Troy Williams, executive director of Equality Utah said he’s not surprised to see that a majority of Utahns now support marriage equality



The results of a poll run by the Hinckley Institute of Politics and the Desert News found 72% of Utah’s residents agree that marriages between same-sex couples should be recognized by law as valid, with the same rights as cis-gender marriages.

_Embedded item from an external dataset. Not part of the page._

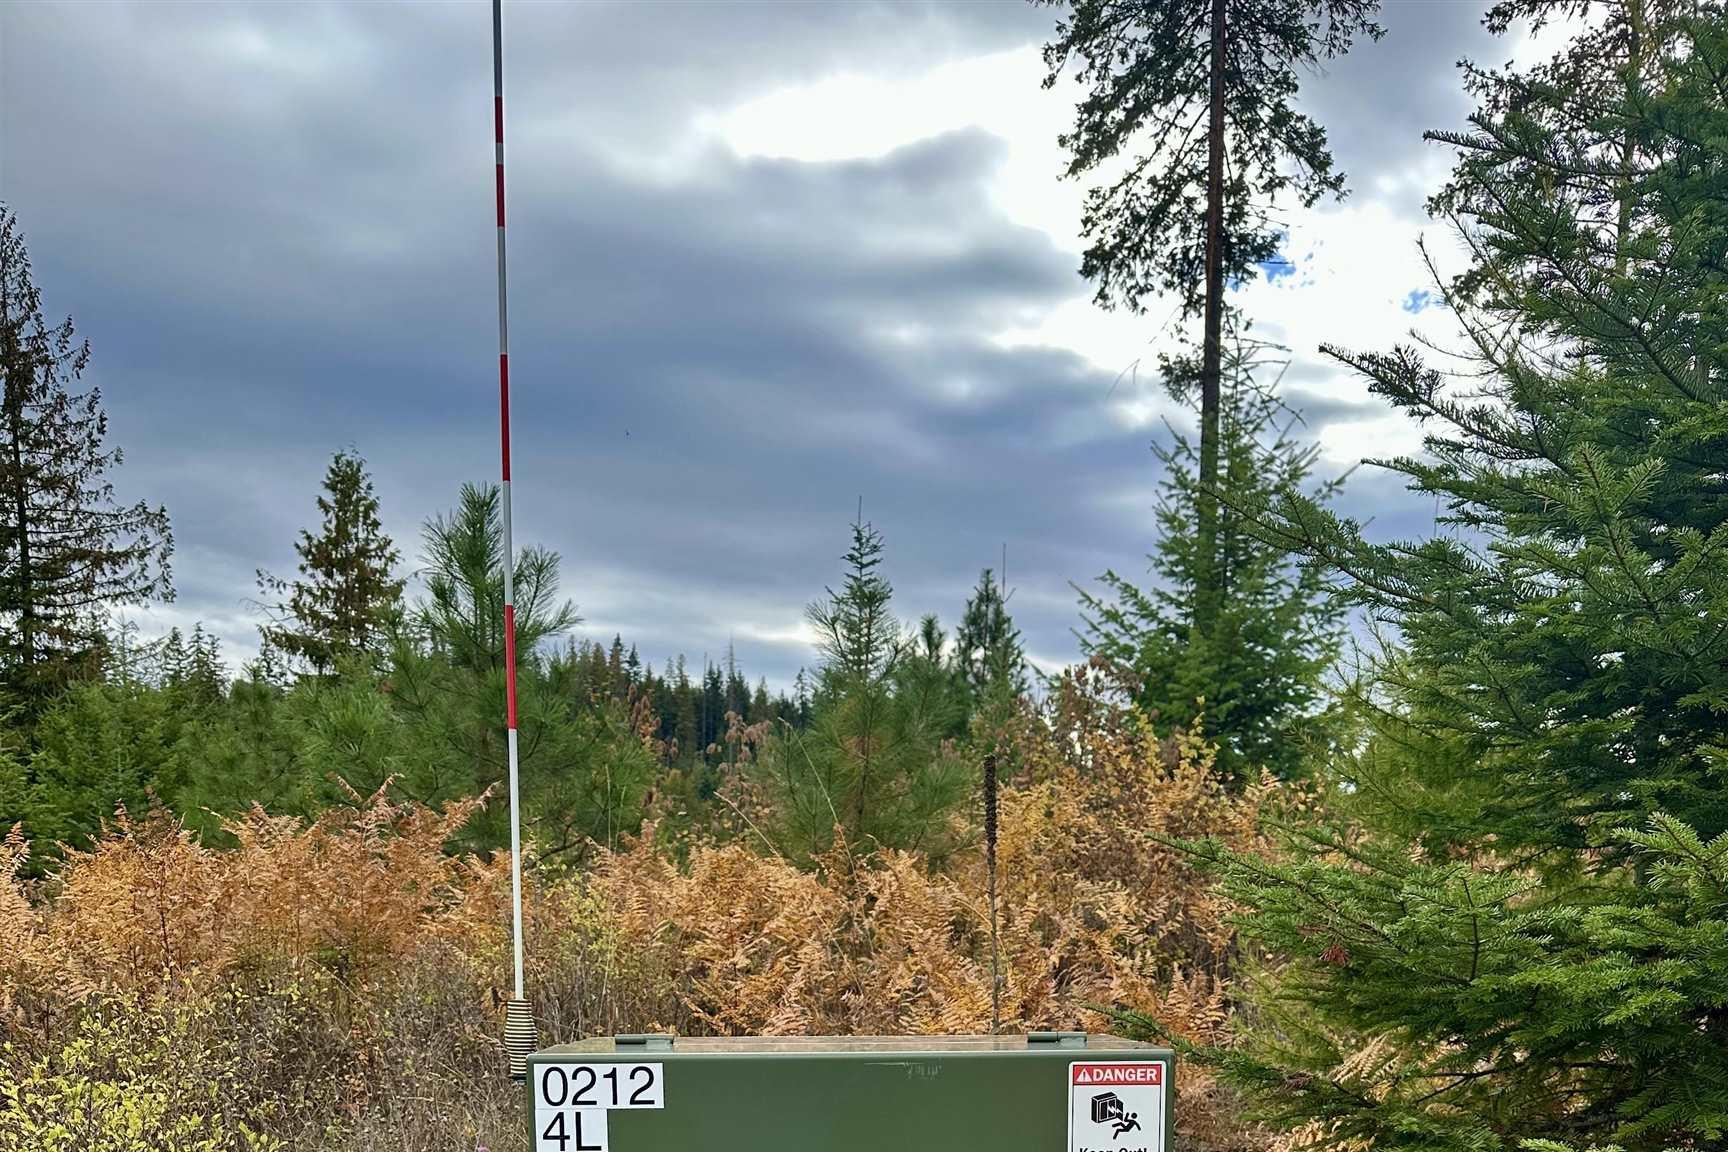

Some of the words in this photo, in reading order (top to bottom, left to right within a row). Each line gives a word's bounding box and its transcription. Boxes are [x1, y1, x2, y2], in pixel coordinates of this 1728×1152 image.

“For a state that less than 20 years ago passed laws and a constitutional amendment prohibiting same-sex marriage, there has been a seismic shift in opinion,” said Jason Perry, director of the Hinckley Institute of Politics at the University of Utah.

The Deseret News/Hinckley Institute of Politics survey also found that 23% of those surveyed disagreed, while 5% expressed that they don’t know.

The poll shows Utahns are aligned with the nation as a whole on the issue. A Gallup poll in May found 71% of Americans say they support legal same-sex marriage, a new high.

Troy Williams, executive director of Equality Utah, told the Desert News that he’s not surprised to see that a majority of Utahns now support marriage equality.

“Utah is a pro-family state, and we recognize that families come in all shapes and sizes. When we see loving, committed couples joining in matrimony, our natural impulse is to support and encourage that love. This gives me great hope for the future,” he said.